Because of this, I have a strong bias toward founders who demonstrate a deep understanding of the specific problems they’re addressing. They don’t need to be experts, but they must have enough experience and realism to approach these challenges effectively. I particularly value founders who have gained meaningful insights through their own experiences in these markets.

On the reward side, these markets are still underappreciated, with the potential for winners that can scale to tens of billions in value. While some might struggle to name current success stories in this space, examples abound. Tesla, arguably the first robotics platform with robotic capabilities in its vehicles and adjacent products, is now a $1 trillion company. Despite the massive opportunity, there’s still a narrative gap around these markets and their players. For me, this creates an advantage: I can build deep relationships with founders early in these underappreciated spaces and leverage my knowledge and network to partner with exceptional companies poised for outsized success.

UV: How do you evaluate whether to support startups helping incumbent manufacturers digitalize versus those aiming to replace them and what advice would you give founders to analyze their opportunities in these terms?

SC: I don’t take a strict sector or vertical approach to what works; instead, I’m led by the founders themselves. For example, I probably wouldn’t invest in a company selling software to automotive manufacturers in Europe today—it’s likely to be a tough market. That said, if the founder is exceptional, I might reconsider.

When assessing opportunities in manufacturing, I look for a clear understanding of the specific segment the startup is targeting. For instance, are they selling to tier-two manufacturers in France or Germany who produce specialized precision-engineered products for tier-ones or OEMs? This understanding helps me diligence the problem space effectively.

UV: What key change do you think VCs need to make to better support startups in physical industries?

SC:  I believe it’s essential to foster a deeper understanding of end customers and develop patience. Startups in these sectors often have longer gestation periods, requiring time to refine products and navigate extended sales cycles.

VCs also need to challenge entrenched biases around physical industries, which historically haven’t been seen as “hot.” Supporting founders from unconventional backgrounds is critical; not every problem in these sectors will be solved by someone from a high-profile tech company. 

It’s about recognizing and backing talent that deeply understands the nuances of their space, even if they don’t come from the traditional startup mold. Above all, following the smartest, most capable founders and trusting their guidance is key.

UV: What role do you see industrial innovation playing in shaping the future of our world?

SC: I believe Europe is at a critical juncture, and while the urgency has been apparent for at least two years, the response has been slow. The Trump election seems to have marked a turning point in highlighting the need for action across the continent. Governments, in my view, should focus on creating optimal conditions for entrepreneurs to build transformative technologies.

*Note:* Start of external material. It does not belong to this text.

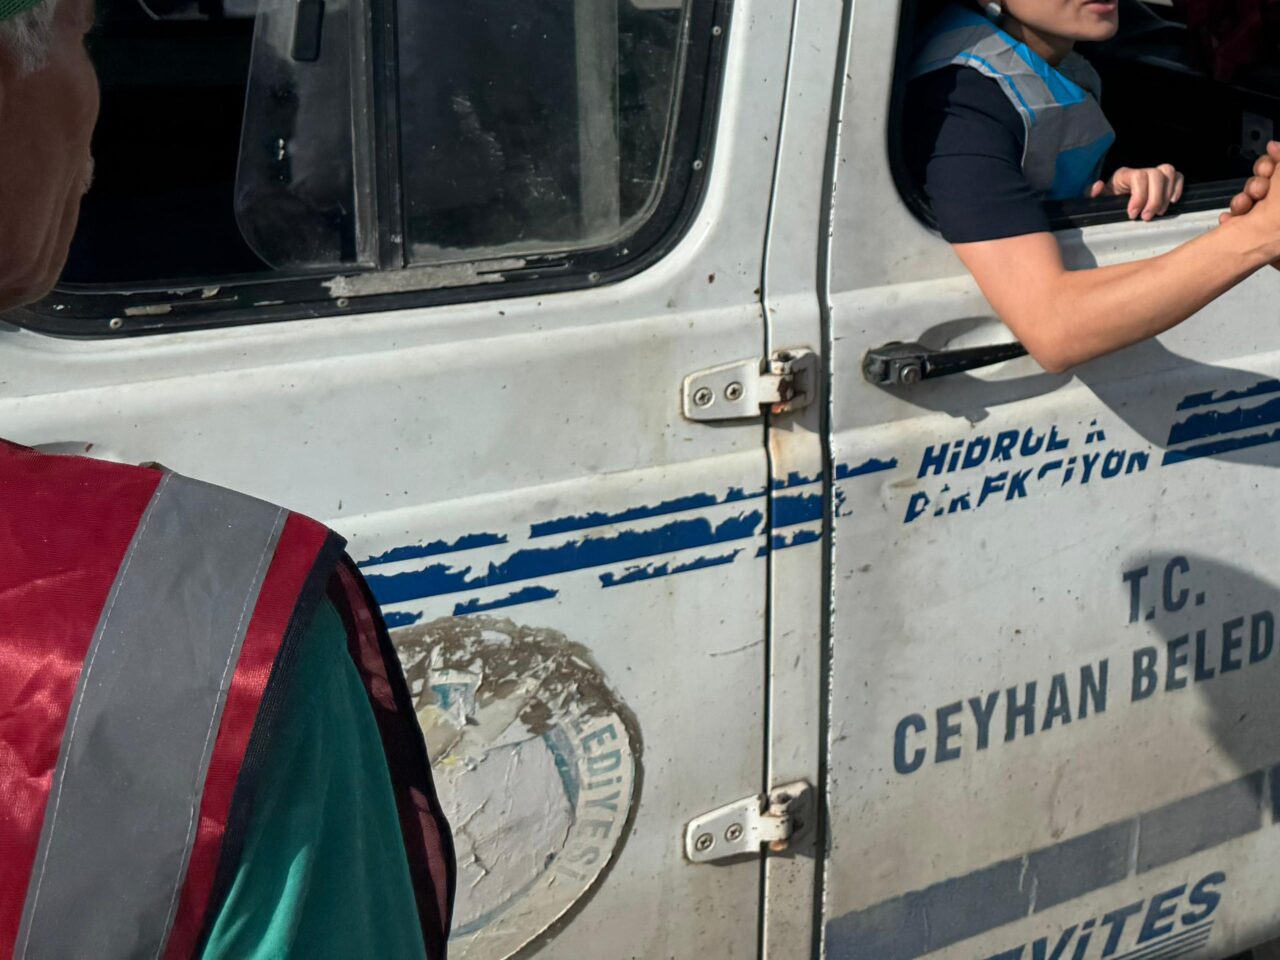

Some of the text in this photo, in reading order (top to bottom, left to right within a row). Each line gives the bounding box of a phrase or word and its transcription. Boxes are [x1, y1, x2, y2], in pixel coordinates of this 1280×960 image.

[1122, 555, 1206, 624] T.C.
[893, 657, 1109, 775] CEYHAN
[982, 870, 1226, 960] ViTES

Historically, periods of significant technological innovation, wealth creation, and sovereignty have often been driven by scaling research and development. For instance, early Silicon Valley grew out of U.S. military R&D projects, and Bell Labs played a pivotal role in developing foundational technologies. While these innovations might not have had immediate commercial applications, they laid the groundwork for long-term ecosystems that fueled massive growth—evidenced by the trillions in market capitalization that U.S. technology companies have achieved.

To address today’s challenges, I believe we need to focus strongly on research, deep tech, and innovation. Private enterprise is often the best vehicle for turning these advancements into scalable solutions. So, I’m super bullish on the founders’ ability to build many of these companies and solve many of these problems. Ultimately, we have no choice but to solve these issues.